Internet radio giant Pandora is making big moves to keep up with on-demand streamers like Apple Music and Spotify, this time with a huge purchase that could propel it to the forefront of live music promotion.
The company has inked a deal to buy online ticket retailer Ticketfly, for the kingly sum of approximately $450 million in cash and stock.
This comes as part of Pandora’s longstanding desire to better connect artists with their fans, a goal the company has achieved through algorithmic analysis of people’s music tastes — the forerunner to features like Spotify’s massively popular Discover Weekly playlist. Pandora suggests new music it thinks users will enjoy, connecting them to new bands through basic choices, and helping smaller artists break into the mainstream.

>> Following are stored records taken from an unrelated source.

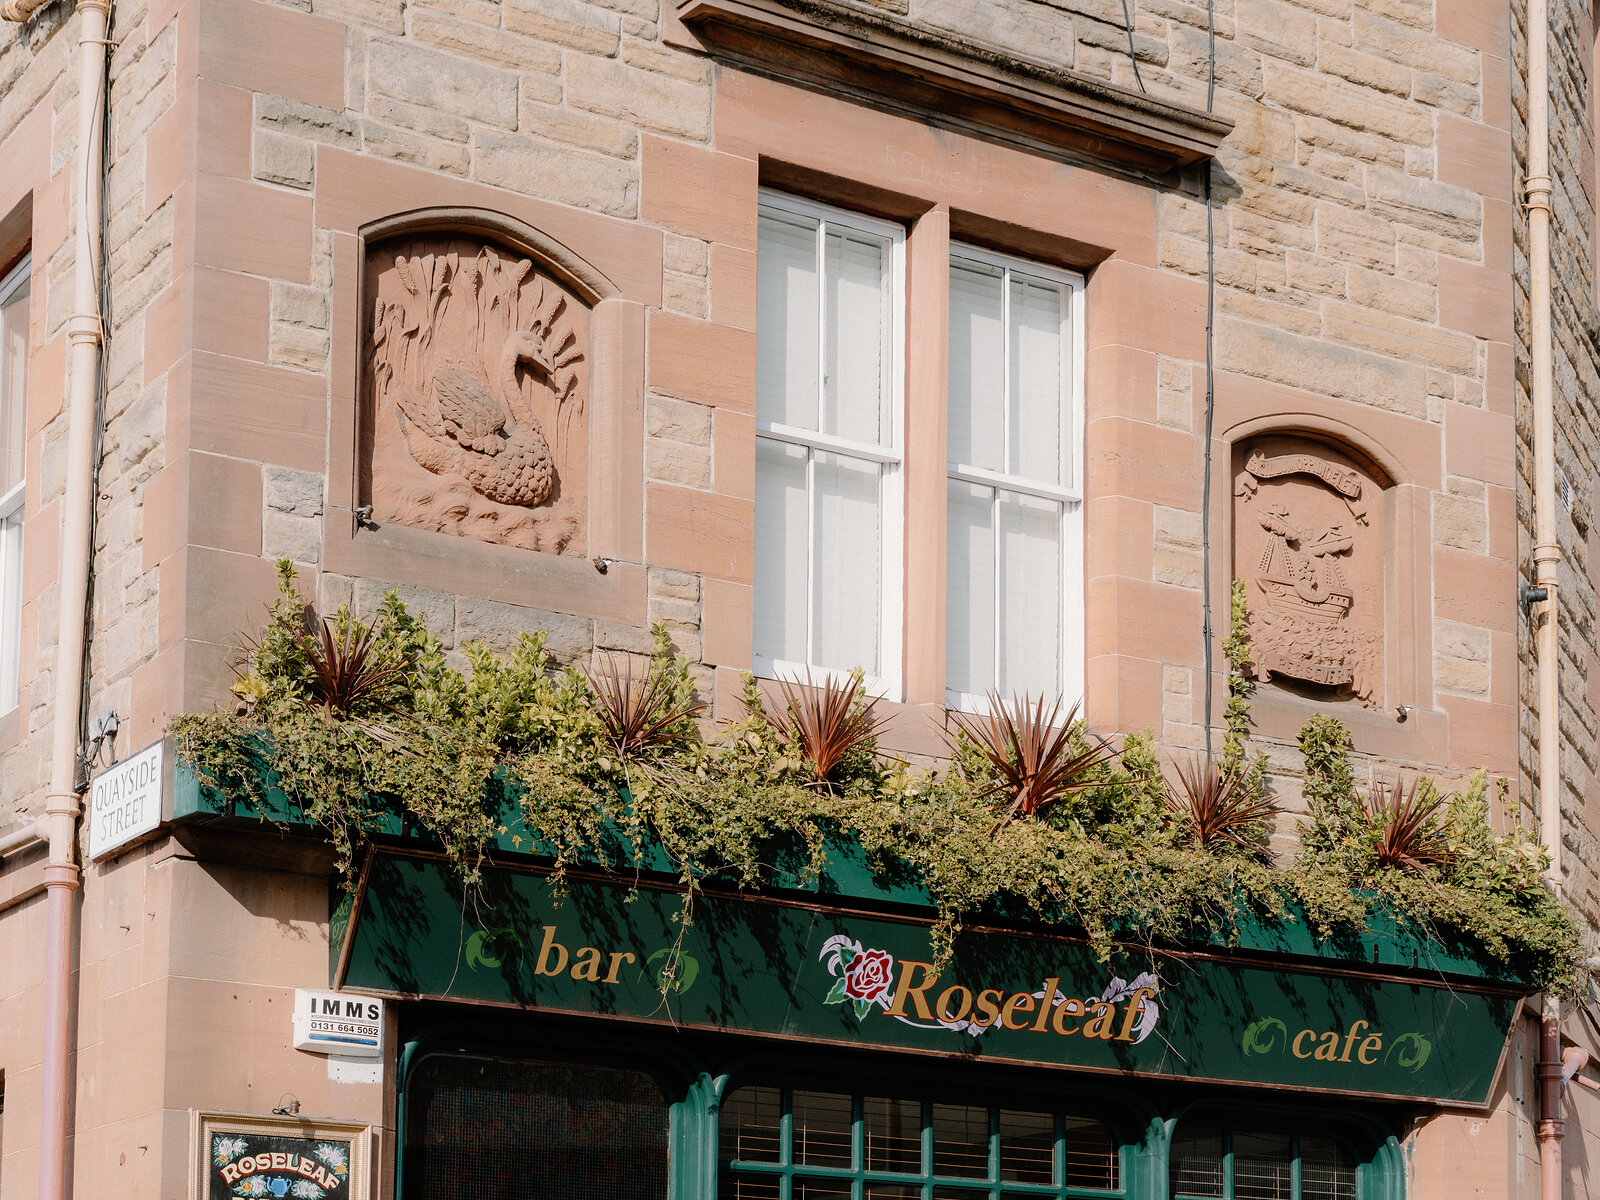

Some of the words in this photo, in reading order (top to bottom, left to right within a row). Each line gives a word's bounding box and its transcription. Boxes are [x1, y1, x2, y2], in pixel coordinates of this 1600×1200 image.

[95, 755, 157, 811] QUAYSIDE
[101, 794, 147, 841] STREET
[534, 925, 636, 984] bar
[882, 958, 1156, 1042] Roseleaf
[311, 1022, 334, 1030] 0131
[338, 1024, 355, 1032] 664
[357, 1027, 379, 1035] 5052
[220, 1152, 341, 1190] ROSELEAF

The company has been looking beyond its internet radio roots for a while now, and this is just the latest piece of the puzzle.
Last year, Pandora launched an artist marketing platform, and has been noticeably increasing its focus on live music promotion, helping bands identify and connect with their fans on the service via utilities like Artist Audio Messages, a tool that allows musicians to record messages for their fans as a sort of advertisement.
Now, Pandora will be better able to integrate concert notifications and ticket sales into that formula than any other streaming music platform, presumably letting users know when an artist they like will be near them, and then collecting a percentage of the revenue when they buy tickets.
“This is a game-changer for Pandora – and much more importantly – a game-changer for music,” said Pandora CEO Brian McAndrews. “Over the past 10 years, we have amassed the largest, most engaged audience in streaming music history. With Ticketfly, we will thrill music lovers and lift ticket sales for artists as the most effective marketplace for connecting music makers and fans.”
To be sure, it’s an extremely savvy business move for the company that boasts nearly 80 million active users. This purchase will allow the company to exist in two of the fastest growing revenue areas in music: streaming music and live events. In 2014 alone, Ticketfly sold over 16 million tickets to more than 90,000 live events, and overall ticket sales in North America grew 22 percent in the last year, to $6.2 billion.
Time will tell whether the move propels Pandora’s revenues above the other streaming giants, but this is good business, and will further the company’s ability to get their listeners to the shows they want to see, and even alerting them about shows they might normally miss. It’s a big hole to fill, and if Pandora is even moderately successful, it should mean big bucks.